Much of industry requires using large quantities of energy, to transform earths into metals, and to shape metals into products. Steel and aluminium manufacture requires huge quantities of energy. Process plants making glass or cement require large amounts of energy. Even assembly plants need subtantial raw energy as they are heavily automated. Petrochemical processes to make and shape plastics also require large inputs of heat.

Soon the government has to set a carbon price. This is central to decisions people will then make about which technology to adopt for the many new electricity power stations we are going to need. We have to replace the coal stations that will close thanks to the EU Emissions legislation  come 2015, and to replace ageing nuclear stations near the end of their design lives. Set the carbon price high, and it will tip it more in the direction of renewables.

But if the government sets it too high it will also mean the end to dreams of the Uk restoring a stronger position in basic industry. A high carbon price means we will have to  import  our steel, our aluminium, even our cars and our fridges, washing machines and cookers.  Energy costs are bigger than labour costs in some of these energy intensive activities. It’s not an easy choice for this government. It will be a test of  what matters more  – UK industry and jobs, or UK CO2 targets?

War in Libya

The United Nations has late in the day decided to stand up to the Libyan dictator. Their task would have been easier if they had acted when David Cameron first raised the issue.

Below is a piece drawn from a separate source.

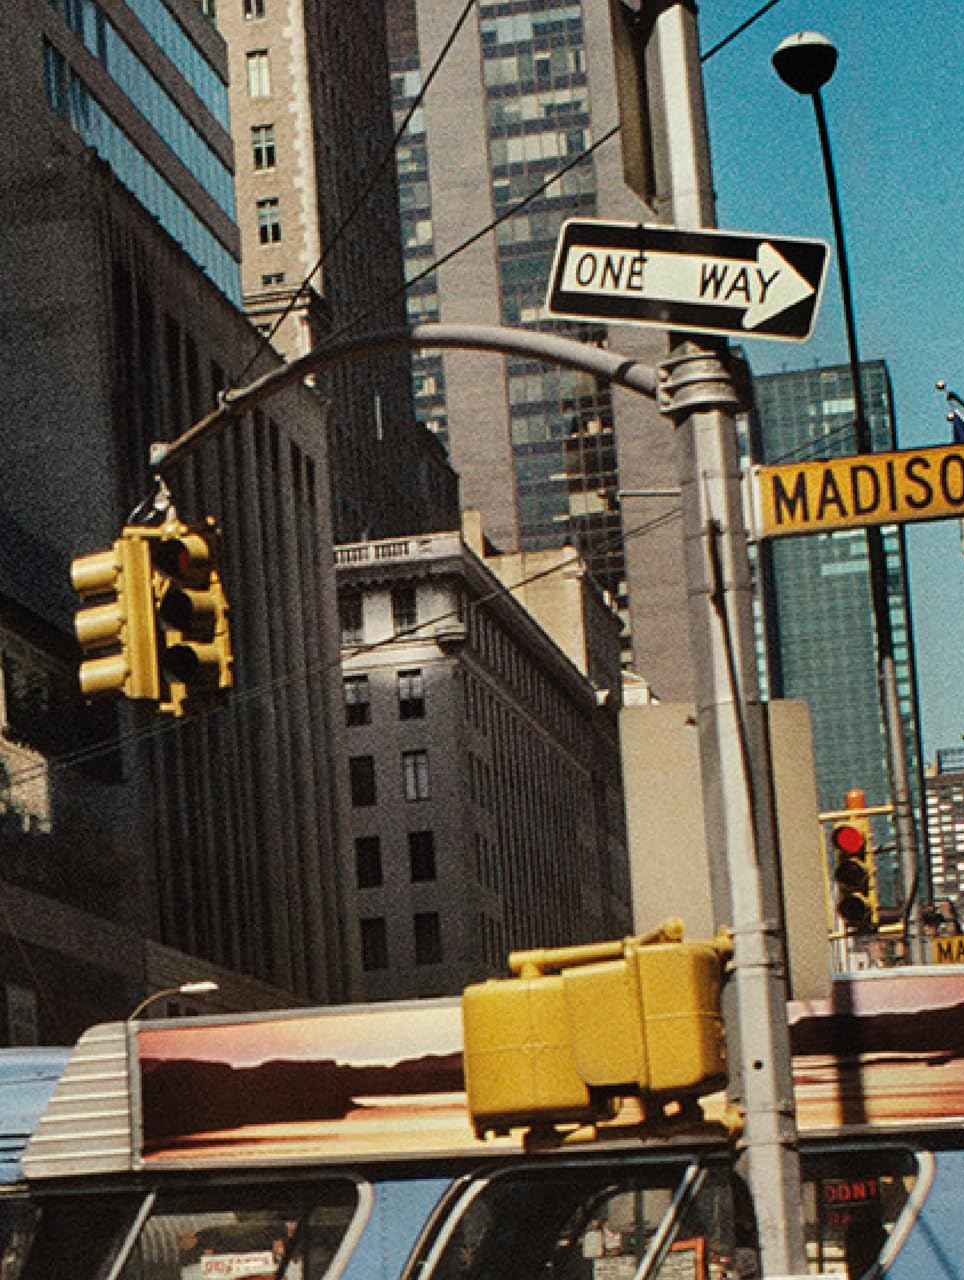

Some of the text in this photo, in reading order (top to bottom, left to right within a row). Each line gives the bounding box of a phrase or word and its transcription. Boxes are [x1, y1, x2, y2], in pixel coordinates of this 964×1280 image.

[575, 253, 780, 304] ONE WAY
[824, 1179, 878, 1202] DONT
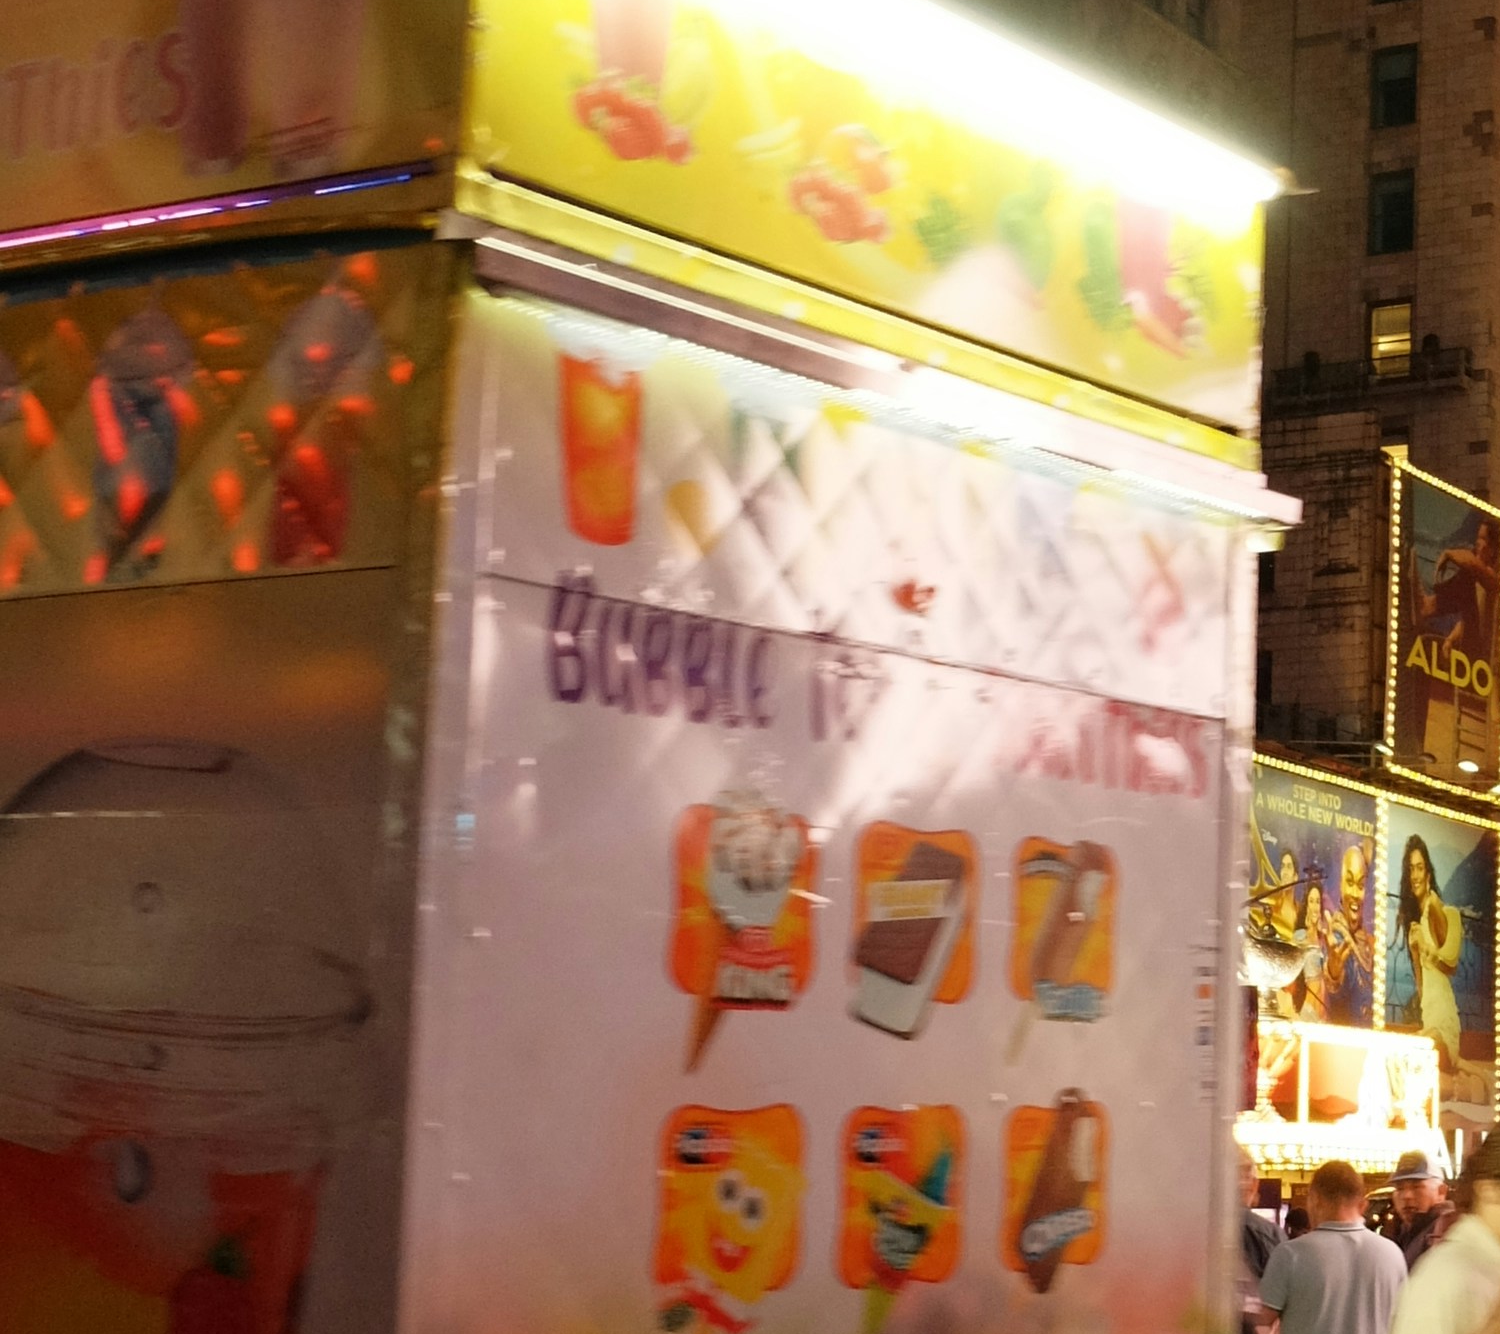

Under the remit the coalition of the willing that forms to carry out the task could keep Libya’s jets from bombing their own country. They could also damage his army when on the move across open country by air to ground bombing. It might well be possible to stop his further ruthless progress. If they could use this power to force negotiations that might help. Without troops on the ground they cannot easily reverse the regimes gains to date.

I wish them well. I want to see Arab countries with perhaps the assistance of France and Italy undertake this task. They are the  neighbours  with the planes to do the job and the airfields nearby.